Theoretical studies on the role of water in ionic liquids at ZIF (IL@ZIF) complex and its effect on selective CO2 separation

Abstract

One of the major problems we have always faced and still facing is the vast amount of toxic gases expelled into the atmosphere mainly during the manufacture of many of the day-to-day commodities we all use. The selective adsorption and storage of gases from various industrially important gaseous mixtures are studied in order to find a suitable method as a sustainable solution for this concern. This study is conducted in order to get a perspective on the gas separation and storage capabilities of large framework molecules like zeolitic imidazolate frameworks (ZIFs) by incooperation of ionic liquids (ILs). Here, the gas adsorption efficiency of IL@ZIF-8 composite materials is studied in the presence of a single water molecule.

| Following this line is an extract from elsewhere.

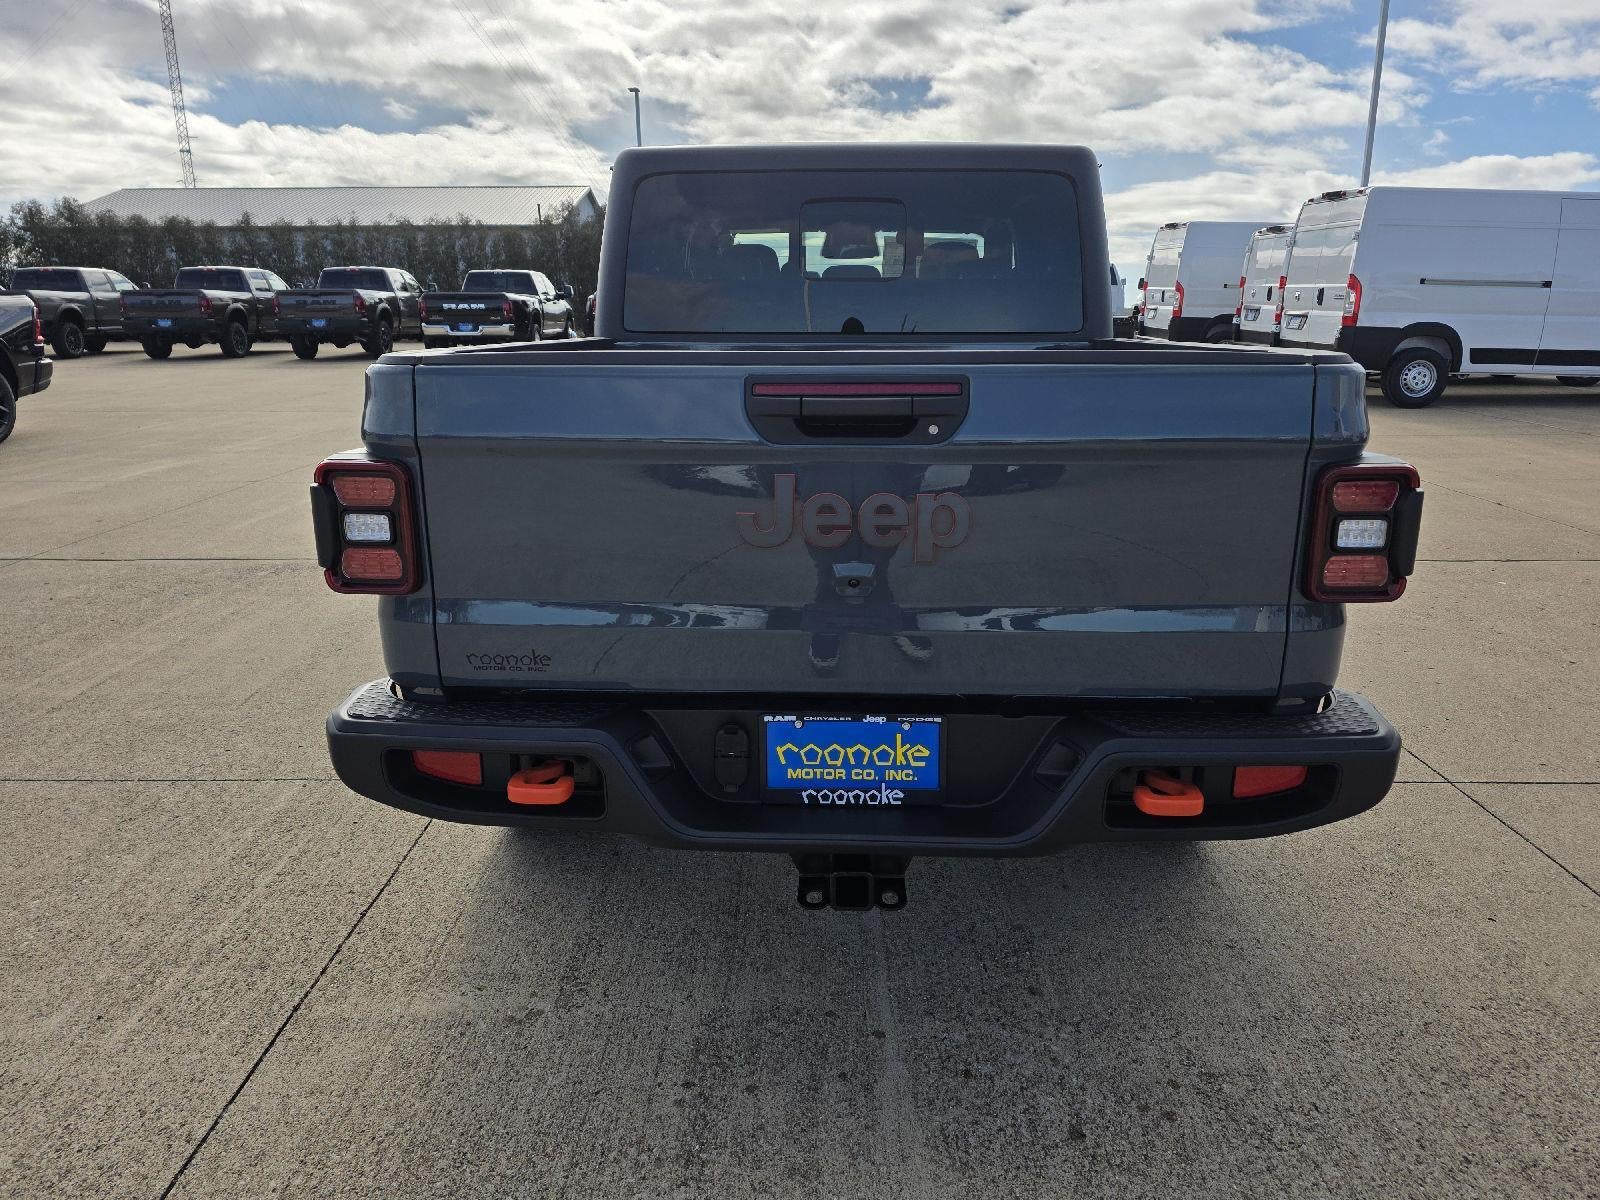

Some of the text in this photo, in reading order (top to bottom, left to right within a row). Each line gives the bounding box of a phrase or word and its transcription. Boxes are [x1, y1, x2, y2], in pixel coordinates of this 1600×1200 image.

We have selected 1-butyl-3-methylimidazolium [BMIM]+ cation along with five different anions as the ILs. We used both hydrophilic and hydrophobic ILs in this study. The IL@ZIFs complexes are prepared by adding ILs in two different approaches to the ZIF pore. A single water molecule is added into the previously optimized geometries of IL@ZIF in the first method (Approach-I), while we added water and an IL to the ZIF simultaneously in the second method (Approach-II). The selection of the different approaches for water addition helps to gather information about the interaction pattern of water with the IL and ZIF and also of these molecules with one another in the presence of water. We used these complexes to study their adsorption capabilities towards CO2 and also their selectivity nature towards CO2 in a binary mixture of CO2 and N2. Computational approaches such as density functional theory (DFT) and grand canonical Monte Carlo (GCMC) are used in this study.